Roberto Alfonso Azcona | Montevideo
@|El valor del debate libre frente a la estrategia de la confusión.
La salud de nuestra democracia se mide por la altura de sus debates, no por la virulencia de sus trincheras; en un Uruguay de tradición republicana y laica, la confrontación de ideas debería ser el motor que impulse las reformas que el país necesita para prosperar.
Sin embargo, con dolor y profunda preocupación cívica, asistimos hoy a un fenómeno que busca degradar el espacio público, el uso de la descalificación y el señalamiento estéril como herramientas para anular al que piensa diferente. No es un fenómeno abstracto; al observar la dinámica de ciertas piezas de propaganda que circulan en nuestras redes dejan en evidencia una constante metodológica preocupante.
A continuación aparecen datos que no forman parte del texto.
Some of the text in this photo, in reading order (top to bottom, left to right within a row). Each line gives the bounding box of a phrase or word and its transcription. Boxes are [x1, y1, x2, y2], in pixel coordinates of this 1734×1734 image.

Se apela al miedo, a las advertencias alarmistas y a la división tajante entre “nosotros” y “ellos”; se recurre a la acusación de “sabotaje” frente a cualquier propuesta alternativa, intentando monopolizar la representación de la voluntad popular como si la soberanía de los uruguayos tuviera un único dueño o un sello registrado.
Como ciudadano independiente, siento el deber moral de alzar la voz contra estas prácticas que solo consiguen confundir e infantilizar al electorado; la premisa fundamental de una sociedad libre es que el ciudadano es un actor maduro, con plena capacidad para informarse, comparar y decidir con autonomía; pretender tutelar su opinión mediante etiquetas descalificadoras es, en el fondo, desconfiar de su inteligencia.
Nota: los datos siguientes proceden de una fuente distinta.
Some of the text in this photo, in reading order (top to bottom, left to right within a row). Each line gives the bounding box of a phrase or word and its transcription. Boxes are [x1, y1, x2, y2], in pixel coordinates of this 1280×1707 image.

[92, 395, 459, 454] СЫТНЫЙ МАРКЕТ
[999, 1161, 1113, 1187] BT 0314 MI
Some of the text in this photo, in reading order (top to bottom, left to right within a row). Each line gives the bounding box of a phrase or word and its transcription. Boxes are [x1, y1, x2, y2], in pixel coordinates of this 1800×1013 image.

Toda iniciativa de reforma constitucional o legal, provenga de donde provenga, debe ser evaluada bajo la luz de tres criterios esenciales: su solidez técnica, su viabilidad y su consistencia ética. Descartar una idea aduciendo que “surge de la nada”, o sembrar sospechas infundadas sobre la transparencia de sus promotores sin debatir un solo renglón del texto propuesto, es un atajo discursivo que delata la falta de argumentos reales. Las leyes se discuten con razones, no con adjetivos.
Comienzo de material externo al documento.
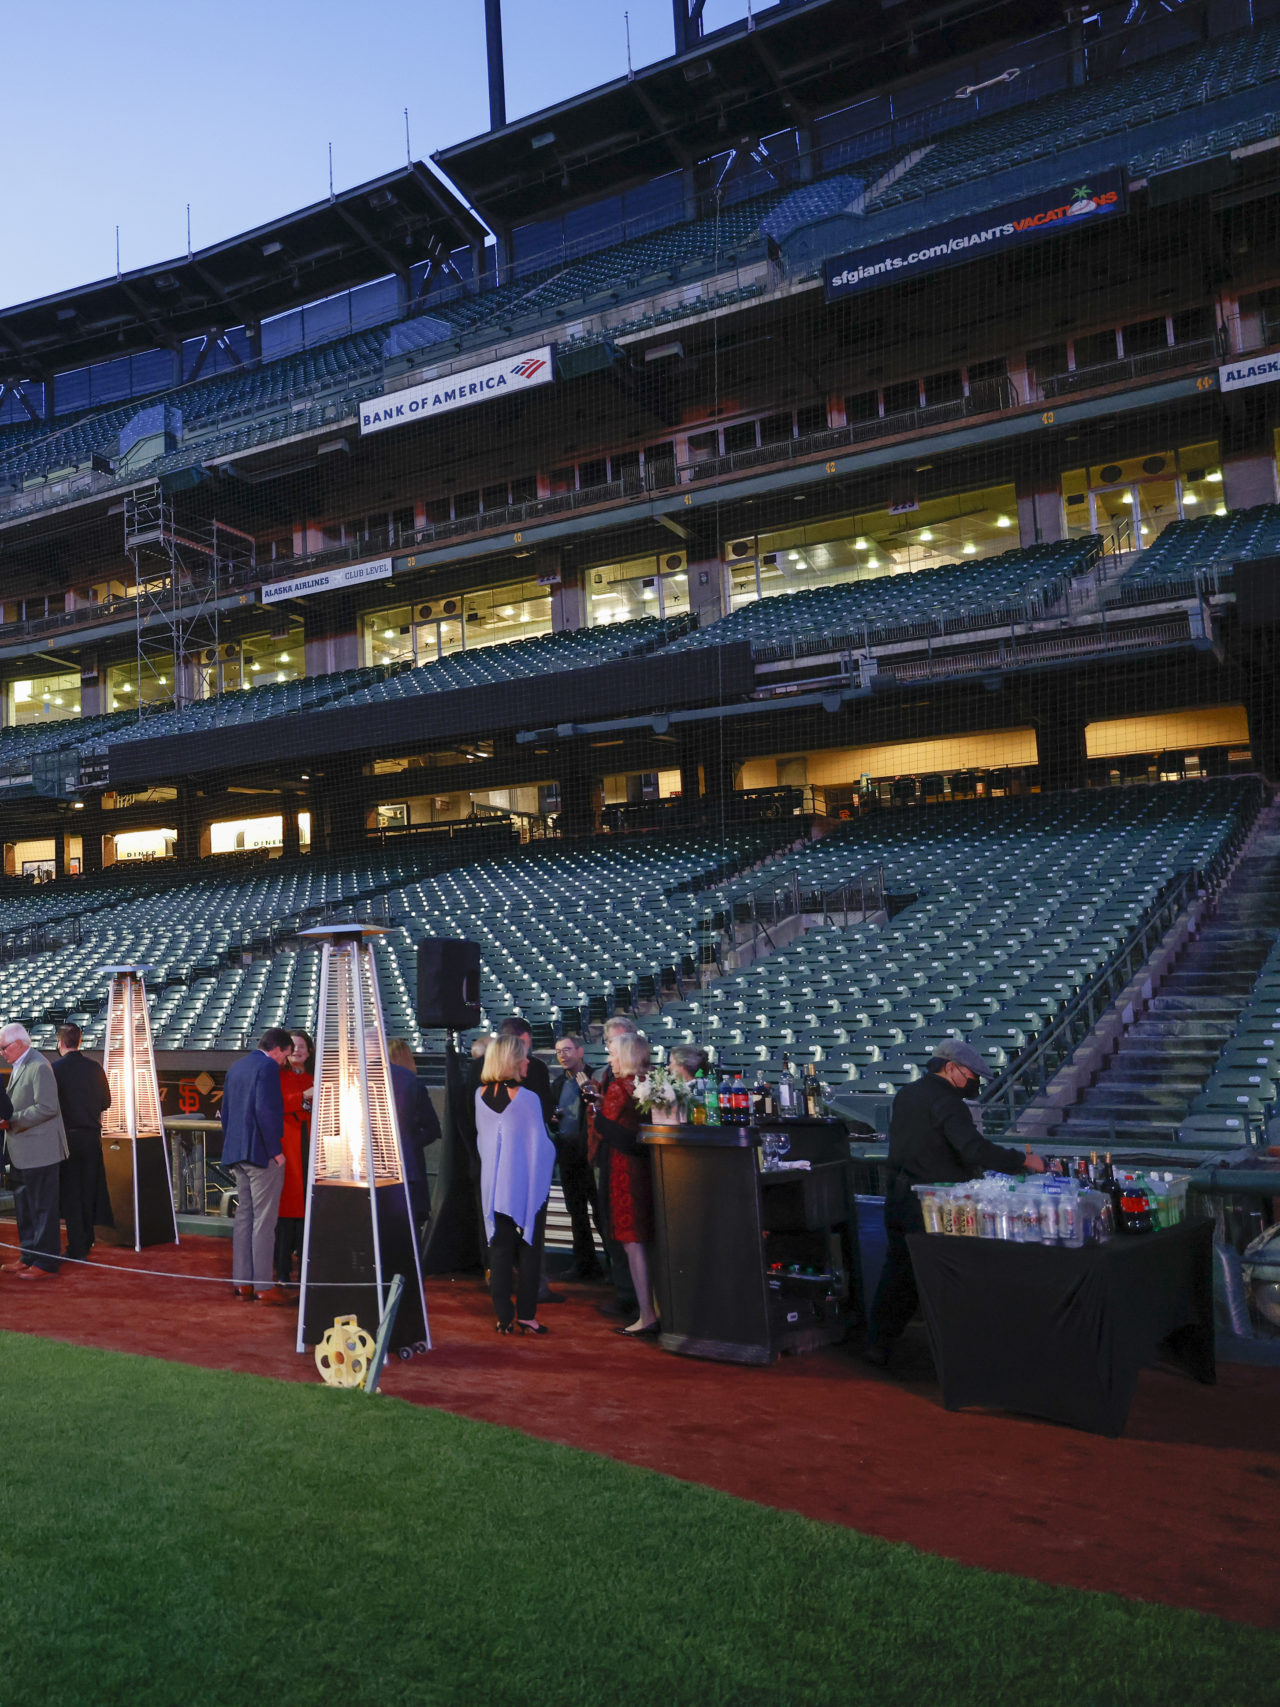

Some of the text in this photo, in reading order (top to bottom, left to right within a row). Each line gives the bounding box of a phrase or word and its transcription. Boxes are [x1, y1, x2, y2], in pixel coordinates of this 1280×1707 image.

[363, 374, 507, 427] BANK OF AMERICA
[1042, 411, 1054, 424] 43
[825, 461, 836, 474] 42
[683, 494, 692, 505] 41
[513, 532, 522, 543] 40
[264, 564, 389, 598] ALASKA AIRLINES CLUB LEVEL
[127, 850, 157, 859] DINER
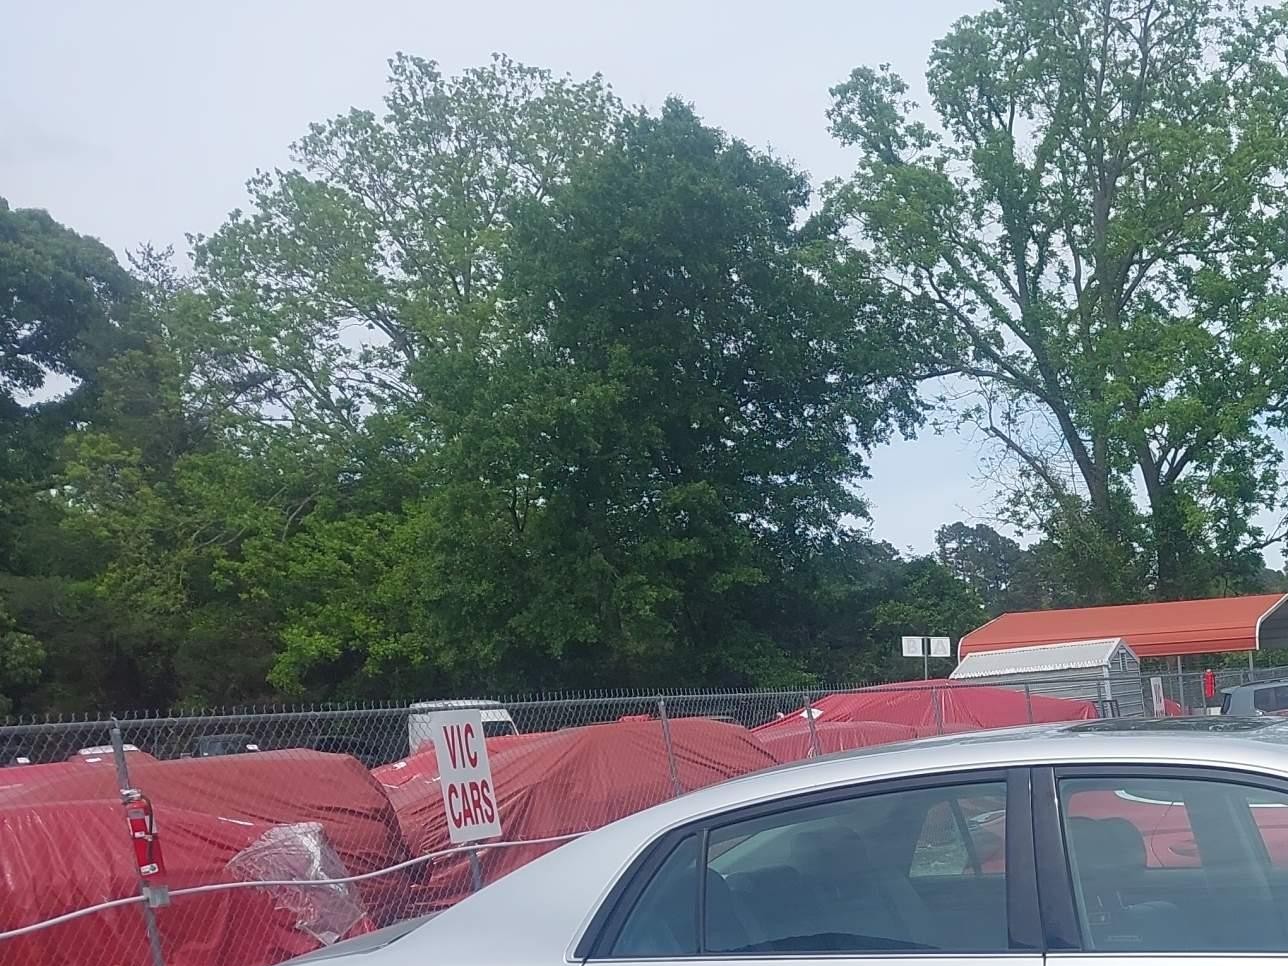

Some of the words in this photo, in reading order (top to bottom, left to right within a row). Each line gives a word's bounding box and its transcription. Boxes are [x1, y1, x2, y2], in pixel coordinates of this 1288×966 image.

Nadie tiene el patrimonio de la justicia social, de la equidad ni de la reforma del Estado; el derecho a proponer caminos alternativos para mejorar el funcionamiento de nuestras instituciones es sagrado y es la base de nuestro pluralismo.
Cuando se intenta asfixiar el surgimiento de nuevos enfoques bajo el pretexto de que “dividen”, lo que realmente se está defendiendo es el conformismo o el interés particular de quienes temen perder el control de la agenda pública.
Mi compromiso personal e independiente no es con una bandera sectorial ni con una estructura rígida; es con la libertad de pensamiento y la defensa de un debate público transparente, argumentado y de cara a la gente. No caigamos en la trampa de la polarización que nos proponen quienes se quedan sin ideas; exijamos a todos los actores políticos y sociales un diálogo de nivel, que expliquen sus propuestas con rigor técnico y que respeten la diversidad de miradas que siempre han enriquecido nuestra patria.
Frente al ruido de las descalificaciones y las campañas que buscan confundir, la mejor respuesta del ciudadano siempre será la misma, leer, preguntar, contrastar y decidir en absoluta libertad. Ese es el verdadero espíritu republicano que debemos resguardar.